Mike Sherry
- Born: Michael Sherry 18 June 1988 (age 37) Limerick, Ireland
- Height: 1.83 m (6 ft 0 in)
- Weight: 105 kg (16.5 st; 231 lb)
- School: Ardscoil Rís, Limerick

Rugby union career
- Position: Hooker

Amateur team(s)
- Years: Team / Apps / (Points)
- Garryowen

Senior career
- Years: Team / Apps / (Points)
- 2009–2019: Munster / 108 / (60)
- 2019: → Gloucester (loan) / 5 / (5)
- Correct as of 25 May 2019

International career
- Years: Team / Apps / (Points)
- 2012–2013: Ireland Wolfhounds / 2 / (0)
- 2013: Ireland / 1 / (0)
- Correct as of 9 February 2015

= Mike Sherry =

Ireland international rugby union player

Mike Sherry (born 18 June 1988) is an Irish former rugby union player. He played as a hooker and represented Garryowen in the All-Ireland League.

==Early life==
Sherry was born in Limerick, where he attended Ardscoil Rís and won the Munster Schools Junior Cup.

==Professional career==

===Munster===
Sherry made his Munster debut against Connacht in December 2009. He made his Heineken Cup debut against Toulon in January 2011. He was part of the Munster team that beat Leinster 19–9 in the 2011 Celtic League Grand Final at Thomond Park. He was ruled out for six to eight weeks in October 2011 with an ankle injury. He returned to training in early January 2012, and was named in the Munster A team to play Ulster Ravens in the British and Irish Cup quarter-final on 20 January 2012, making his comeback in the 9–20 win. Sherry made his first Heineken Cup start in the quarter-final against Ulster on 8 April 2012. He agreed a contract extension with Munster in January 2013.

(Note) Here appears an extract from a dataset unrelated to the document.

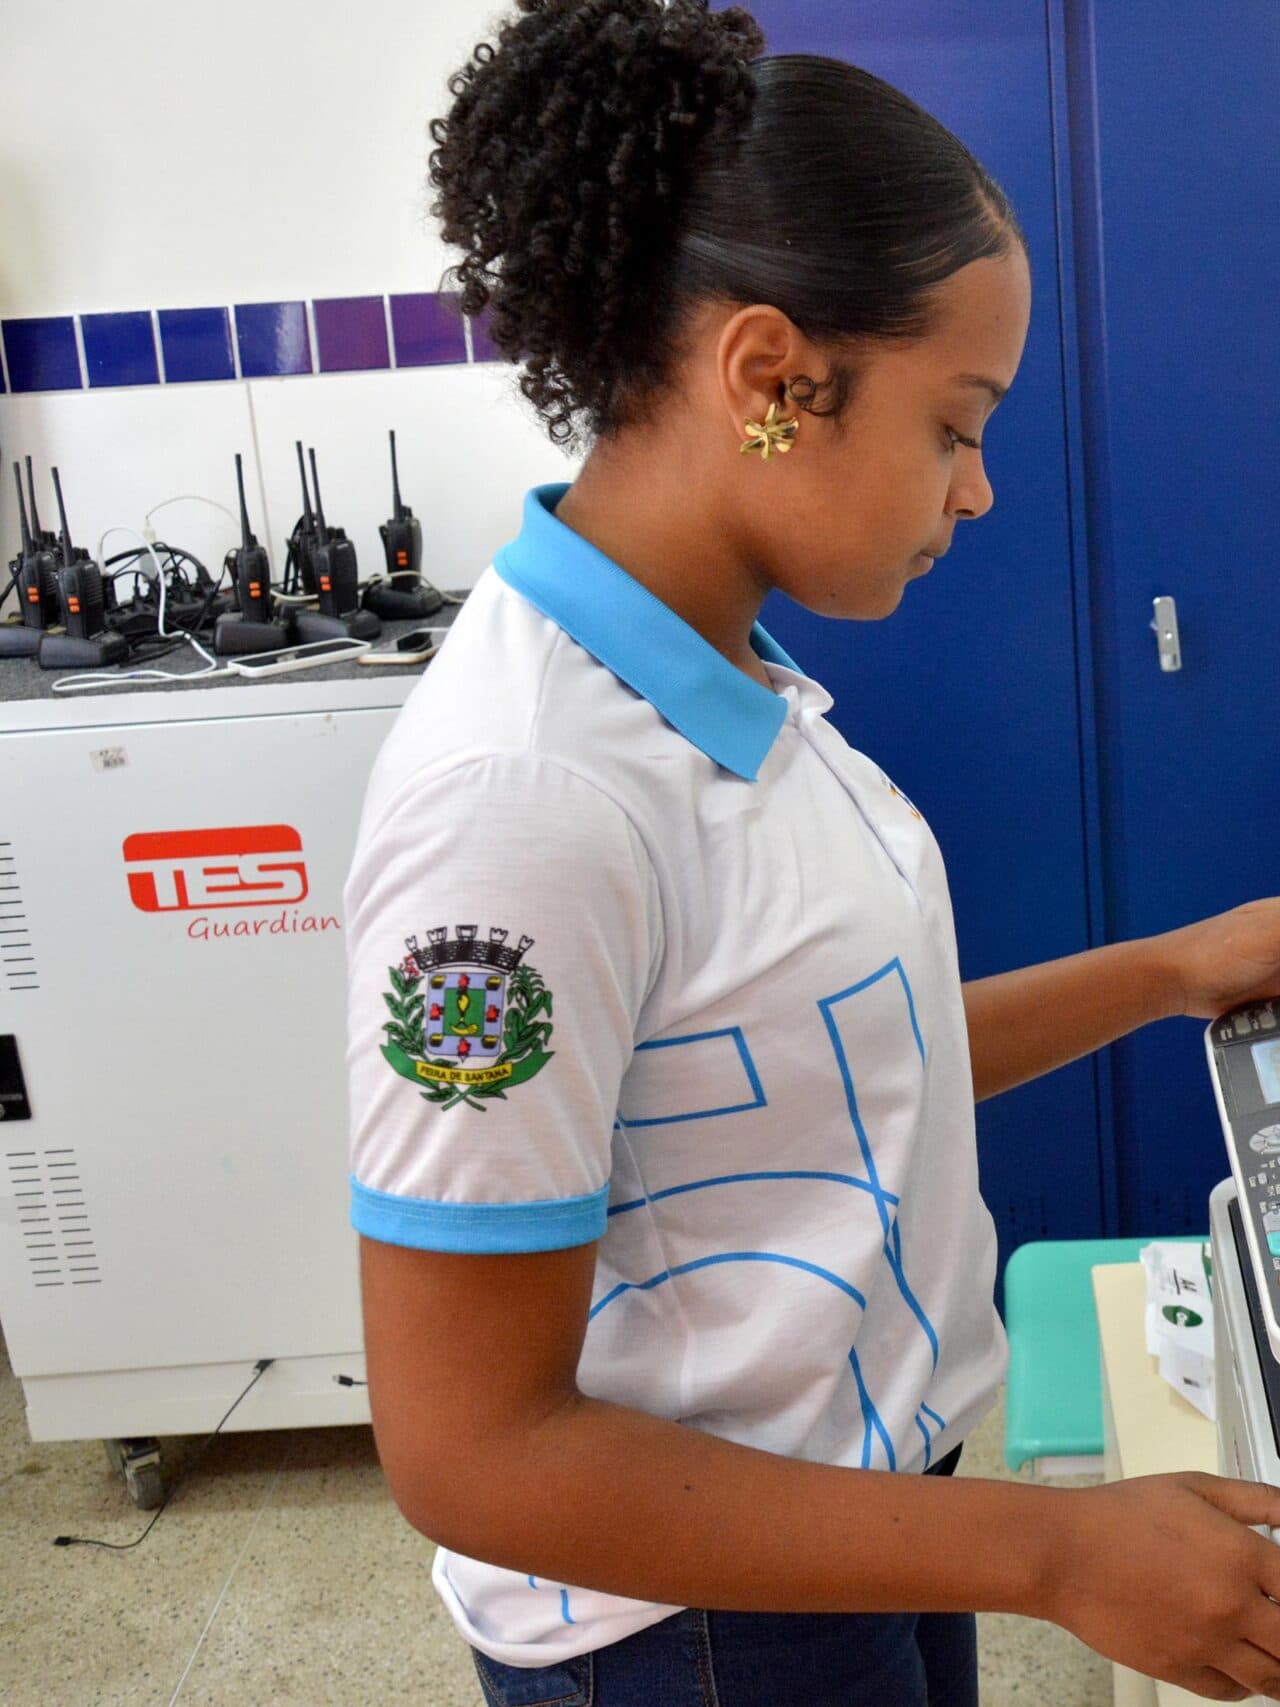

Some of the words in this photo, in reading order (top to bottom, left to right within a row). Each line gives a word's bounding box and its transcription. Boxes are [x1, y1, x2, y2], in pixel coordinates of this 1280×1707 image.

[123, 848, 307, 909] TES
[187, 909, 341, 941] Guardian
[449, 1071, 461, 1080] DE

Sherry became one of Munster's youngest ever captains on 16 February 2013, when he led the side out in their Pro12 match against Scarlets. Sherry was ruled out for six months in December 2013, after rupturing a cruciate ligament in his knee. Sherry also had a shoulder operation in January 2014 and, following a second shoulder operation in August 2014, he was ruled out for four to five months. Sherry made his return from the injury on 5 September 2015. He scored two tries in Munster's 35–27 win against Cardiff Blues on 17 October 2015. He started the opening pool game of the 2015–16 European Rugby Champions Cup against Treviso on 14 November 2015. In January 2016, Sherry signed a two-year contract extension with Munster.

In August 2016, Sherry underwent a surgical procedure on his back which ruled him out for 3–4 months. In July 2017, Sherry began a gradual reintroduction to on-field training following the back injury, which had kept him sidelined since May 2016. He made his return to rugby on 24 August 2017, when he was a replacement in Munster's 35–26 pre-season win against Worcester Warriors. On 1 September 2017, Sherry came off the bench against Benetton in Round 1 of the 2017–18 Pro14, making his return to competitive rugby. He signed a one-year contract extension with Munster in April 2018.

Sherry won his 100th cap for Munster during their 24–24 draw with Ulster on 28 April 2018, a fixture in which he also captained the province. Sherry left Munster at the end of the 2018–19 season, later announcing that he had retired from rugby, citing injury and a lack of contract offers as his reasoning for doing so.

===Loan to Gloucester===
Sherry joined English Premiership Rugby side Gloucester on a loan deal until the end of the 2018–19 season in March 2019.

==Ireland==
Sherry was called into the Ireland squad at the 2011 Rugby World Cup as precautionary cover for Rory Best. He was selected in the Ireland Wolfhounds squad for their game against England Saxons in January 2012. He made his Wolfhounds debut as a replacement against England Saxons on 28 January 2012. He was selected in the senior Ireland squad for the June 2012 tour of New Zealand, but did not feature in any of the tests. Sherry was called into Ireland's squad for the 2013 Six Nations Championship on 21 January 2013. Sherry won his second cap for Ireland Wolfhounds on 25 January 2013, again against England Saxons in a friendly.

Sherry was named in the Ireland squad for the 2013 Ireland rugby union tour of Canada and United States on 19 May 2013. He made his debut for the senior Ireland team on 8 June 2013, coming on as a replacement against the United States. On 23 October 2013, Sherry was named in the Ireland squad for the 2013 Autumn Tests.